I also read "The Girl Who Reads on the Métro" by Christine Féret-Fleury, a quirky little story about a young woman and how books changed her life. Translated from French.

I dislike this trend of titling books"The Girl Who..." when the main character is actually a woman, which is the case, most of the time. I think "The Girl with the Dragon Tattoo" started it and it was appropriate, since Lisbeth was a girl during that story. She was 17, IIRC. They would never title a book "The Boy Who..." when the main character was a 20 year old man.

I gave up on "Gwendy's Magic Feather." I thought it was boring. There was too much detail about her daily life and one-time characters, and not enough action with the mysterious box.

hermetic

(8,301 posts)
25. I agree
Tue Jan 14, 2020, 01:01 PM
Jan 2020

about "The Girl..." stories.

Even more, "The Cat Who.." I just plugged that into my library search bar and got 199 results!

japple

(9,808 posts)
23. The Revised Fundamentals of Caregiving by Jonathan Evison which I downloaded from
Mon Jan 13, 2020, 06:08 PM
Jan 2020

the library. What a unique, wonderful, funny, unusual book. As one amazon reviewer said, "I feel like I discovered a Picasso painting in my attic!" And I'm only 1/4 of the way into the story. It is that good.

Many thanks for the thread, hermetic. I will see if I can find Virgil Wander on audio by the reader that you're listening to. I loved that book so much. The characters are charming indeed.

hermetic

(8,301 posts)
27. Which one?
Tue Jan 14, 2020, 01:06 PM
Jan 2020

There are at least a dozen books with that title but I’m guessing yours is the one by A.J. Finn
It’s the newest one and seems to be the most likely to get a “Wow!”

For readers of Gillian Flynn and Tana French comes one of the decade's most anticipated debuts, to be published in thirty-six languages around the world and already in development as a major film: a twisty, powerful Hitchcockian thriller about an agoraphobic woman who believes she witnessed a crime in a neighboring house.

bbrady42

(175 posts)
28. Just finished The Starless Sea, just started The Test
Tue Jan 14, 2020, 01:18 PM
Jan 2020

The Starless Sea, Erin Morgenstern. It's a terrific book. She more than lives up to the promise of her first book, The Nigh Circus (which I can't recommend highly enough)

Now on to The Test, by Sylvain Neuvel.

hermetic

(8,301 posts)
31. I like the sound of this,
Tue Jan 14, 2020, 01:45 PM
Jan 2020

as well as the title: The Starless Sea. "A timeless love story set in a secret underground world--a place of pirates, painters, lovers, liars, and ships that sail upon a starless sea." Lovely.

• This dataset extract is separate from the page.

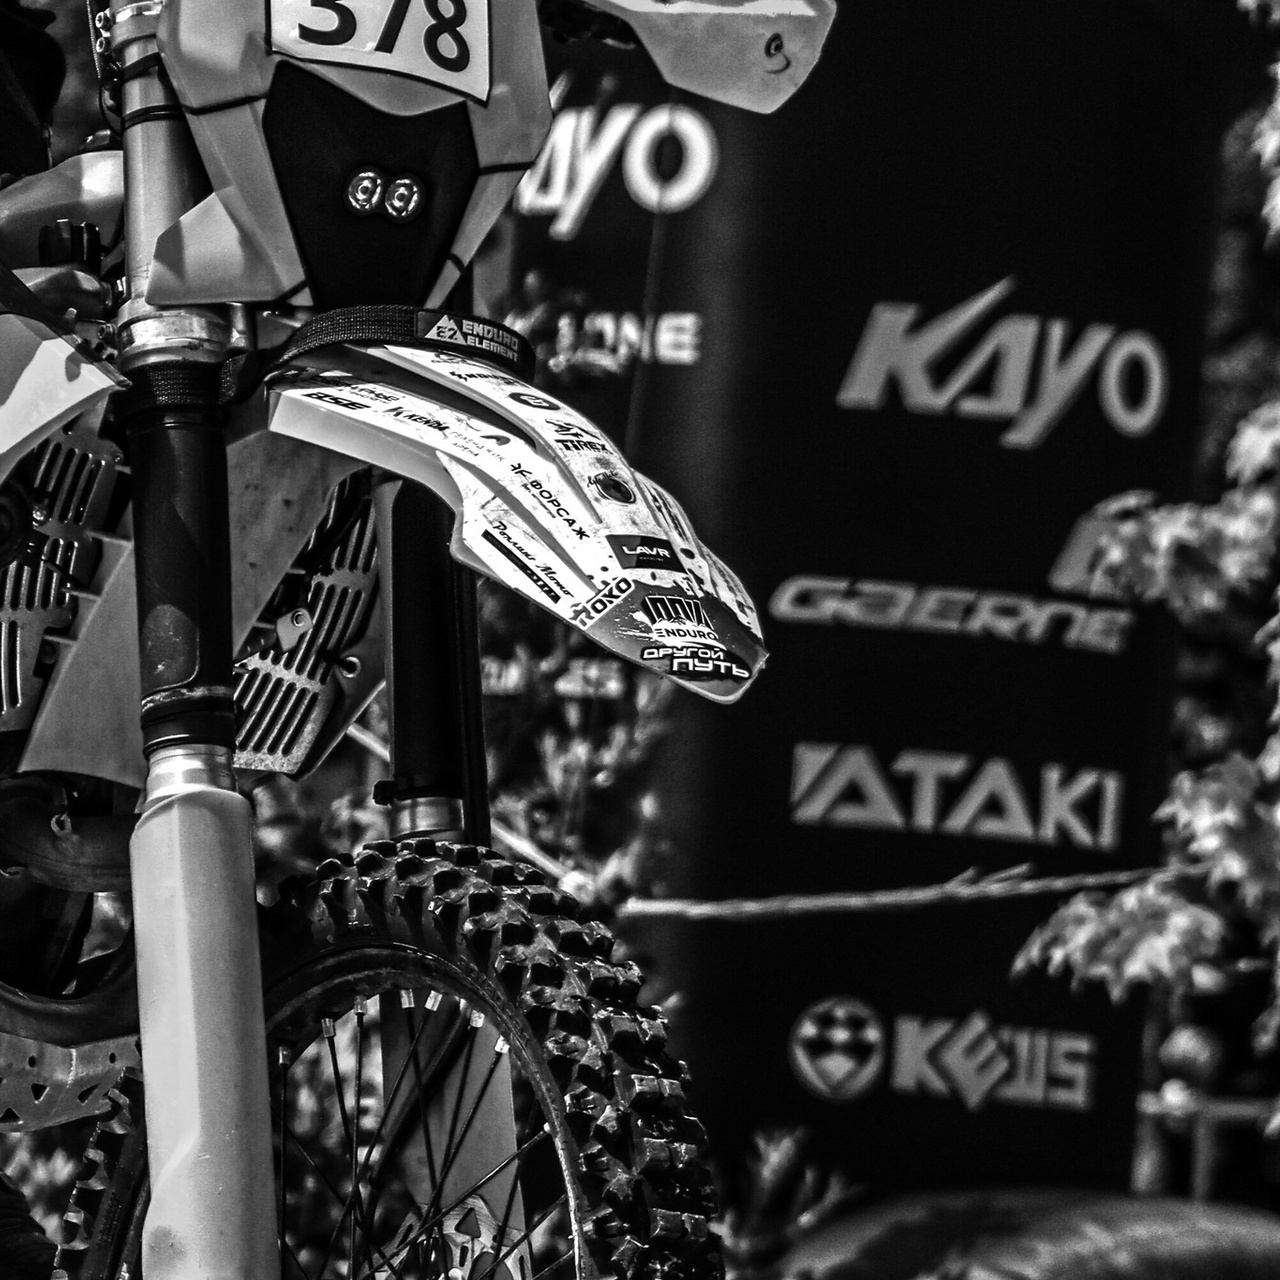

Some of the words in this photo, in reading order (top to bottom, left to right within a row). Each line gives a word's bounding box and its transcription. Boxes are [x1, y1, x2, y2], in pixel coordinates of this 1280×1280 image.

The Test certainly has some interesting commentary going on at GoodReads. Mind-blowing seems to be a general consensus.

hermetic

(8,301 posts)
32. Gah
Tue Jan 14, 2020, 01:51 PM
Jan 2020

I had to abandon Twitter as it was taking up so much of my time and not really achieving anything more than raising my blood pressure. I stick with FB because my children are artists so I get to see their work all the time. Plus all the Democratic groups in my state have pages and we all interact and I am an admin for my local group, as well.

Read a book. It's good for you.

Paladin

(28,243 posts)
34. "Agent Running In The Field" by John Le Carre'
Thu Jan 16, 2020, 05:37 PM
Jan 2020

The Old Master at work, predictably marvelous, detailing modern-day spycraft in Great Britain, in the era of Brexit, trump, etc.

My favorite part: Le Carre's description of trump as "Putin's shithouse cleaner." Good stuff.